EXERCISE REQUIREMENTS: Determine the number of lines in the entries below in which the word "PARKING" appears, and reply with that number only.

DATA:
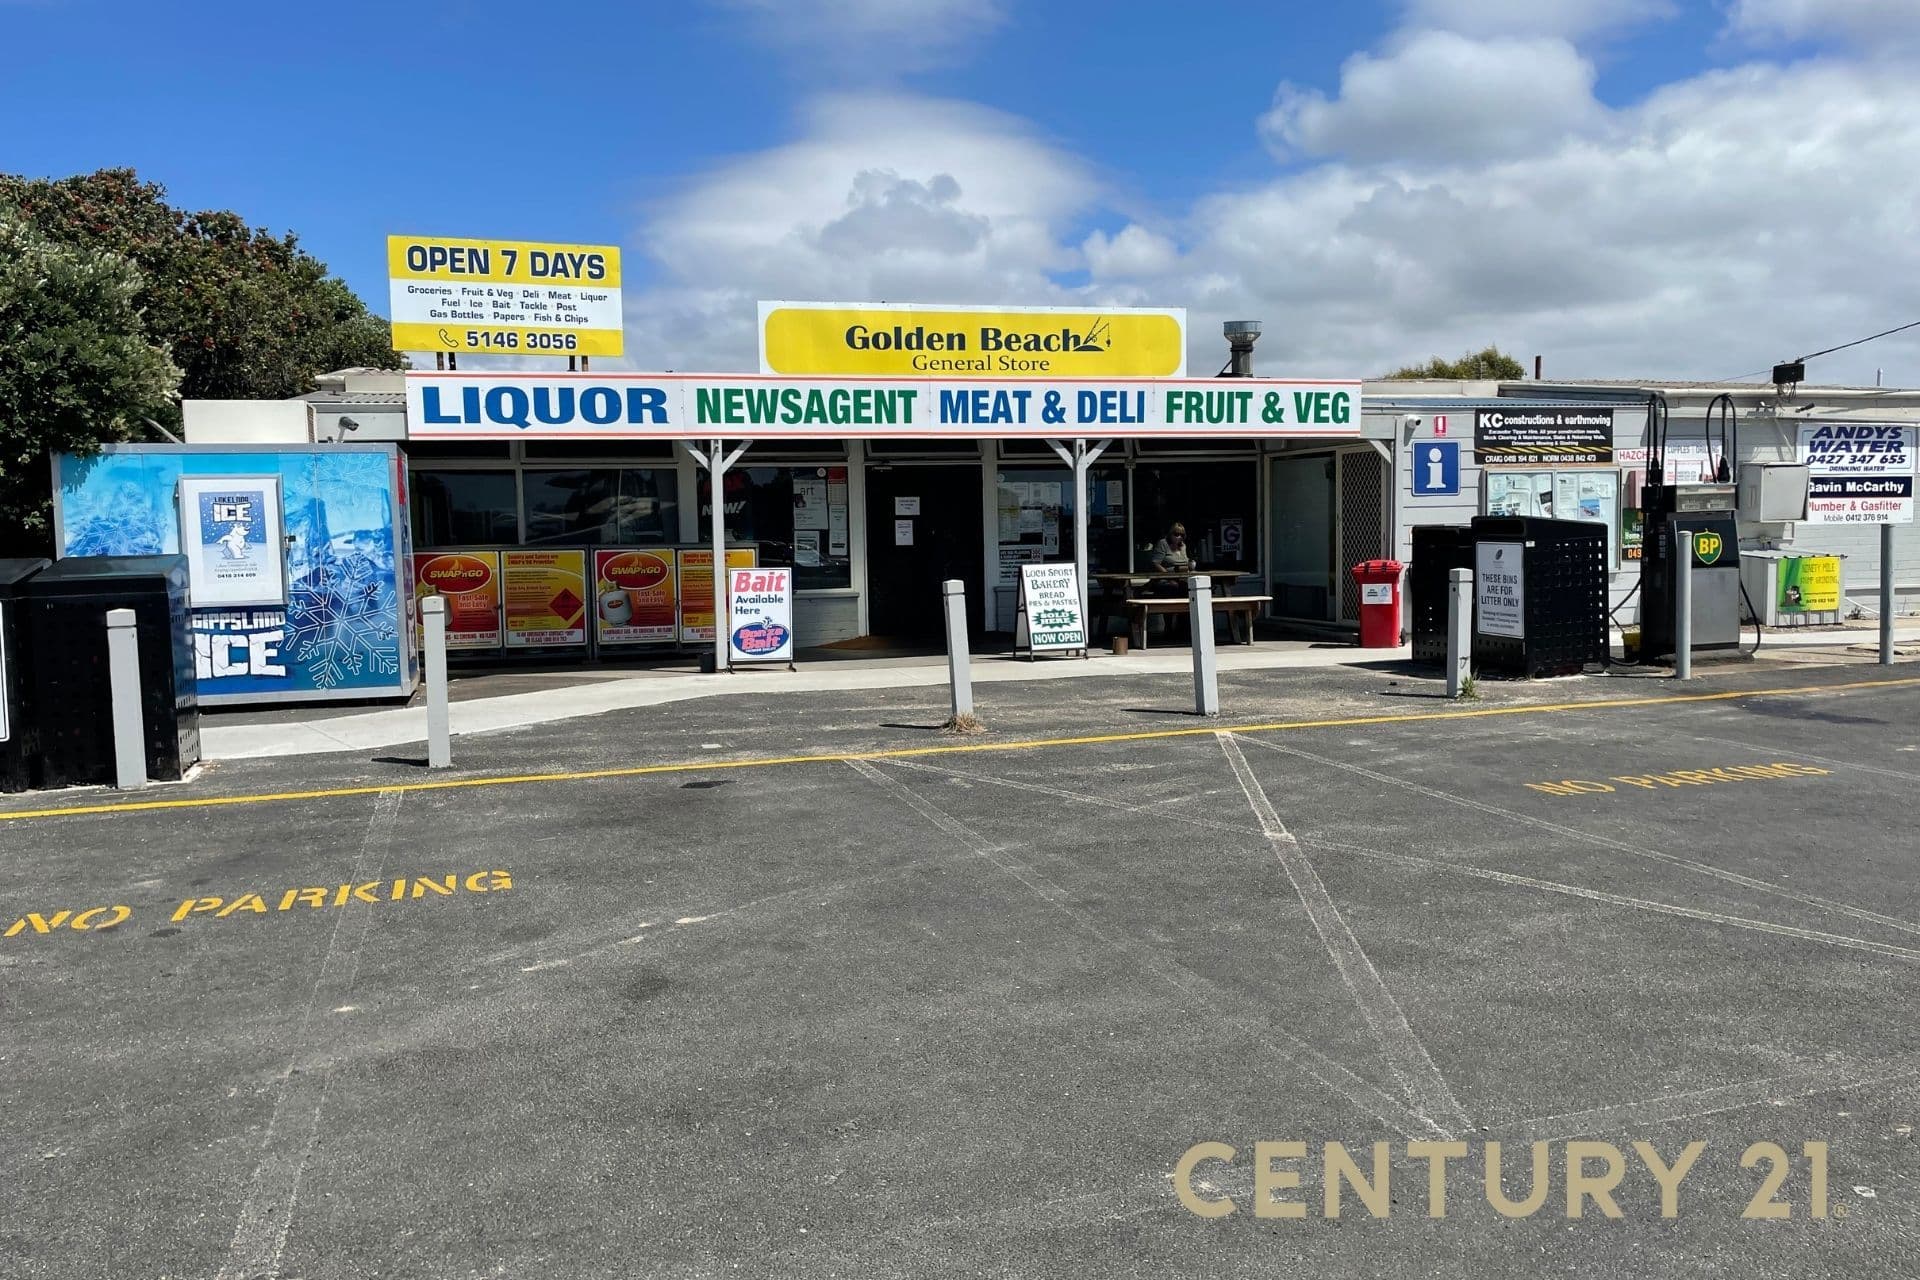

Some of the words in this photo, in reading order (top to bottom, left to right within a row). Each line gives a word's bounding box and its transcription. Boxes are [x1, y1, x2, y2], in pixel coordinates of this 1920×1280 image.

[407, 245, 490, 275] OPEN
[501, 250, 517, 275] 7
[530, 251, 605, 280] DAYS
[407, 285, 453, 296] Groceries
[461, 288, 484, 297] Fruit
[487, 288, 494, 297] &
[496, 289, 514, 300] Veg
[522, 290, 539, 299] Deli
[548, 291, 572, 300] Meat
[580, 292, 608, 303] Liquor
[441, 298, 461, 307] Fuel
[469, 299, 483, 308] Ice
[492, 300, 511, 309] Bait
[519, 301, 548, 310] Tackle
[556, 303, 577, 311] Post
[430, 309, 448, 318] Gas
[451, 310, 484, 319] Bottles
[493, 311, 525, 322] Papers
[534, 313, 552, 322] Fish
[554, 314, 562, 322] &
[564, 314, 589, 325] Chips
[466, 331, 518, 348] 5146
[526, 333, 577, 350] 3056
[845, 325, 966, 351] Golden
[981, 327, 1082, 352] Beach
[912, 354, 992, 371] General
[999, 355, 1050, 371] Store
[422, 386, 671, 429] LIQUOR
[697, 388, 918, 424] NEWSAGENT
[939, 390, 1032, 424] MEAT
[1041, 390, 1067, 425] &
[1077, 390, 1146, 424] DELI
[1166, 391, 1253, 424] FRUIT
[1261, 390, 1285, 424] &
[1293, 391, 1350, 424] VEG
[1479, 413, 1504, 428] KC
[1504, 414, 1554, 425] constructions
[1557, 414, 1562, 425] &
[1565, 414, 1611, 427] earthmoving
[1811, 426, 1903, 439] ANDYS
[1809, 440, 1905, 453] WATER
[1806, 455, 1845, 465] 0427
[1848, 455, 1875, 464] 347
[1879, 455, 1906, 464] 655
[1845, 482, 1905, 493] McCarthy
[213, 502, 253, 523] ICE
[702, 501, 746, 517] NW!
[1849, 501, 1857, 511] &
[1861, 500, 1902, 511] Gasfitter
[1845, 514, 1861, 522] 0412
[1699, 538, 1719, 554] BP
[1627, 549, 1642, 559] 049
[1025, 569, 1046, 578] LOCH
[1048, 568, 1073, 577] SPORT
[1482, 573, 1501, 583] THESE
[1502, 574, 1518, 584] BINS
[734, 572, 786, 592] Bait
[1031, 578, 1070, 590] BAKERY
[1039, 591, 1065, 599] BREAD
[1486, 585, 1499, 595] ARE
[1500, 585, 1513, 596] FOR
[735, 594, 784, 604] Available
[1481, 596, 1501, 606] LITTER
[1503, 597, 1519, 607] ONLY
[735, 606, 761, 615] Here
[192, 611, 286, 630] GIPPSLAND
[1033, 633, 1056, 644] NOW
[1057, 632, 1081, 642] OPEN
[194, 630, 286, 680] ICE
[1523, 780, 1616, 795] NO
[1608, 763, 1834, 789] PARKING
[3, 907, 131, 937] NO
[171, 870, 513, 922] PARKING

RESULT BELOW: 2